Ionic Liquid Stabilized Niobium Oxoclusters Catalyzing Oxidation of Sulfides with Exceptional Activity

We present here a new class of niobium oxoclusters that are stabilized effectively by carboxylate ionic liquids. These functionalized ILs are designated as [TBA][LA], [TBA][PA], and [TBA][HPA] in this work, in which TBA represents tetrabutylammonium and LA, PA, and HPA refer to lactate, propionate, 3-hydroxypropionate anions, respectively.
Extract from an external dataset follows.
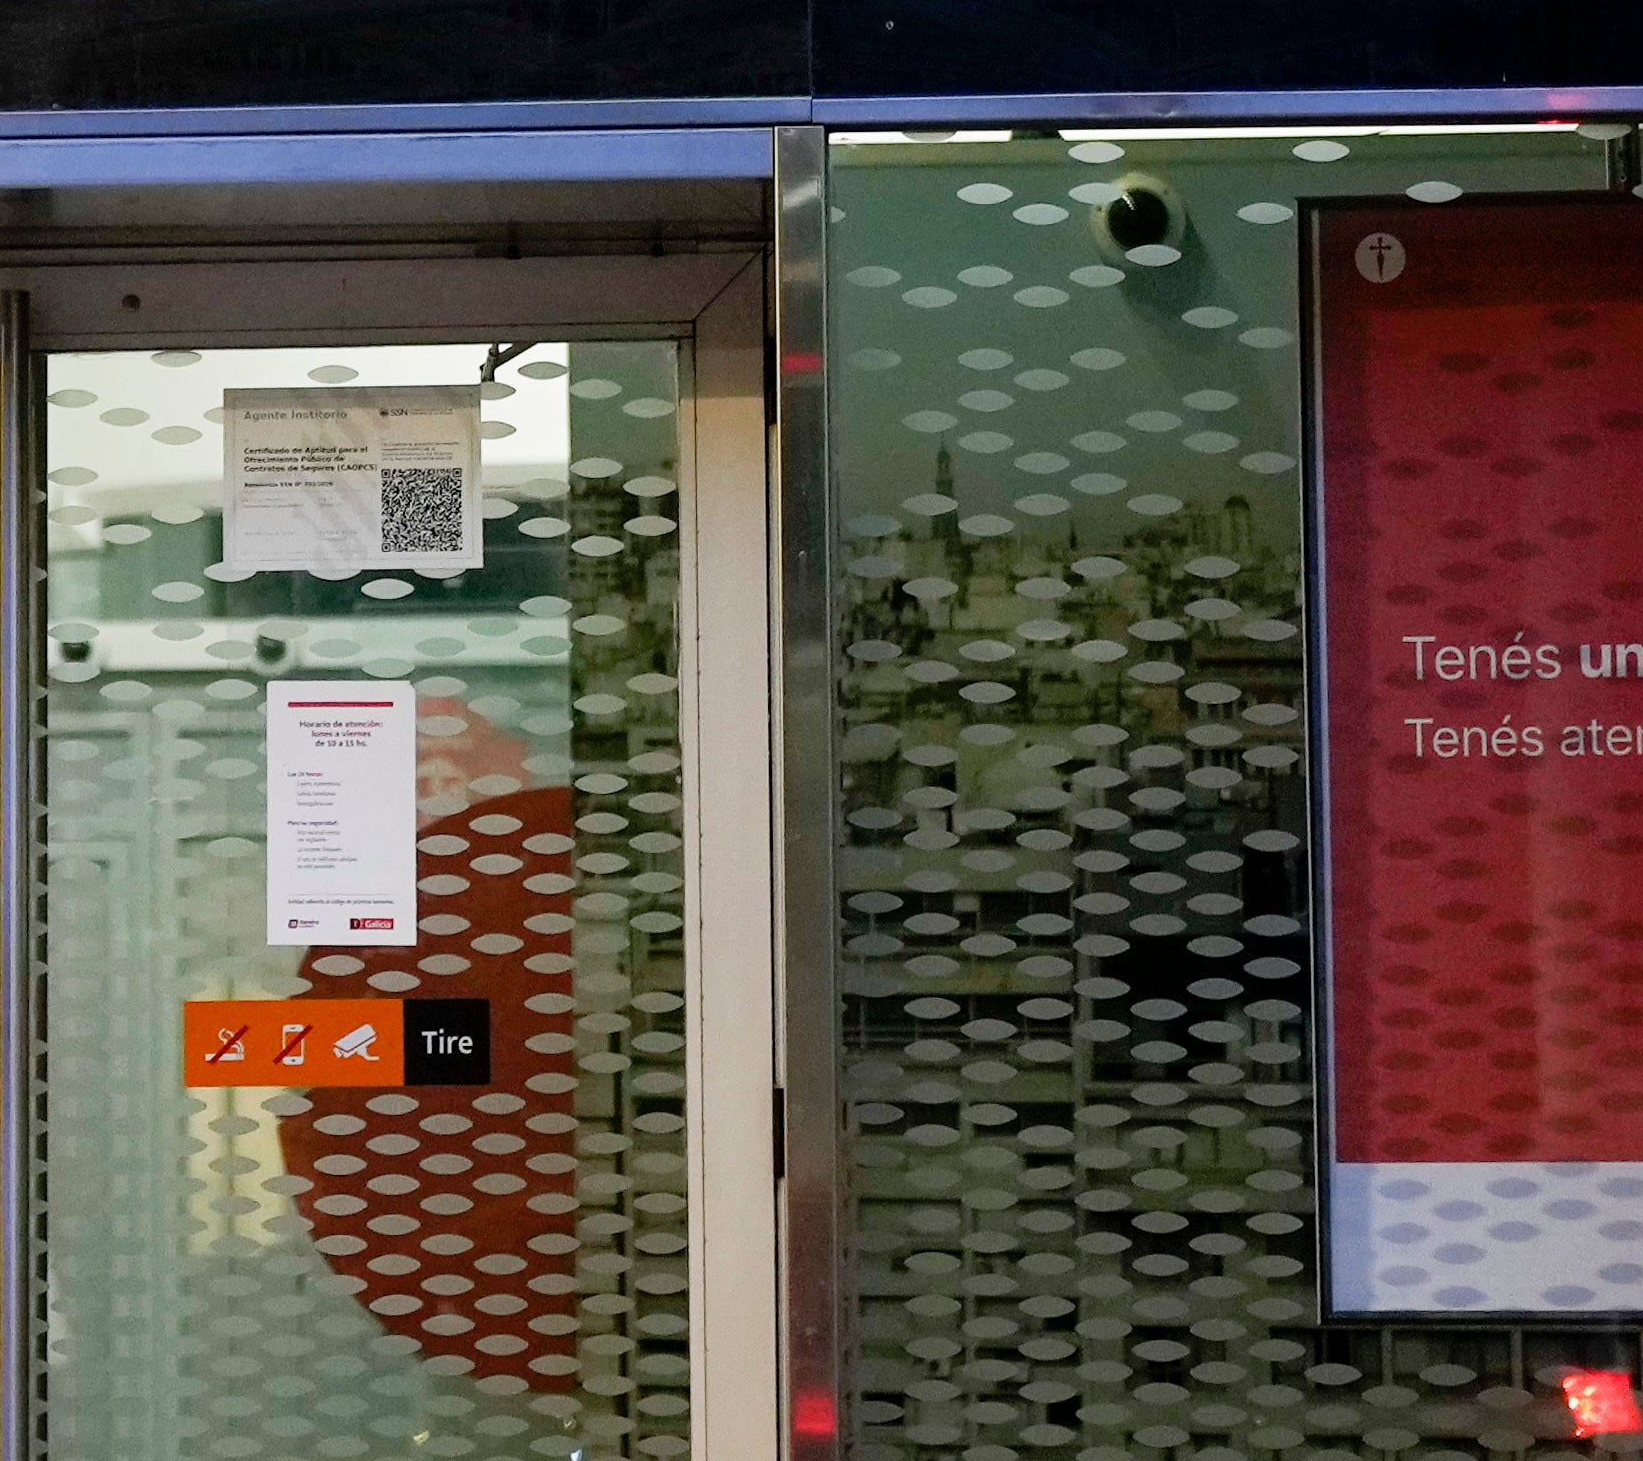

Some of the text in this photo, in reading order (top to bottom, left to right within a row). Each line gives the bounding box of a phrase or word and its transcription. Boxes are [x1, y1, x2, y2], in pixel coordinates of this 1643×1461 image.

The as-synthesized Nb oxoclusters have been characterized by use of elemental analysis, NMR, IR, XRD, TGA, HRTEM. It was found that [TBA][LA]-stabilized Nb oxoclusters (Nb−OC@[TBA][LA]) are uniformly dispersed with an average particle size of 2–3 nm and afforded exceptionally high catalytic activity for the selective oxidation of various thioethers. The turnover number with Nb−OC@[TBA][LA] catalyst was over 56 000 at catalyst loading as low as 0.0033 mol % (1 ppm). Meantime, the catalyst also showed the high activity for the epoxidation of olefins and allylic alcohols by using only 0.065 mol % of catalyst (50 ppm). The characterization of ⁹³ Nb NMR spectra revealed that the Nb oxoclusters underwent structural transformation in the presence of H ₂ O ₂ but regenerated to their initial state at the end of the reaction. In particular, the highly dispersed Nb oxoclusters can absorb a large amount of polar organic solvents and thus were swollen greatly, which exhibited “pseudo” liquid phase behavior, and enabled the substrate molecules to be highly accessible to the catalytic center of Nb oxocluster units.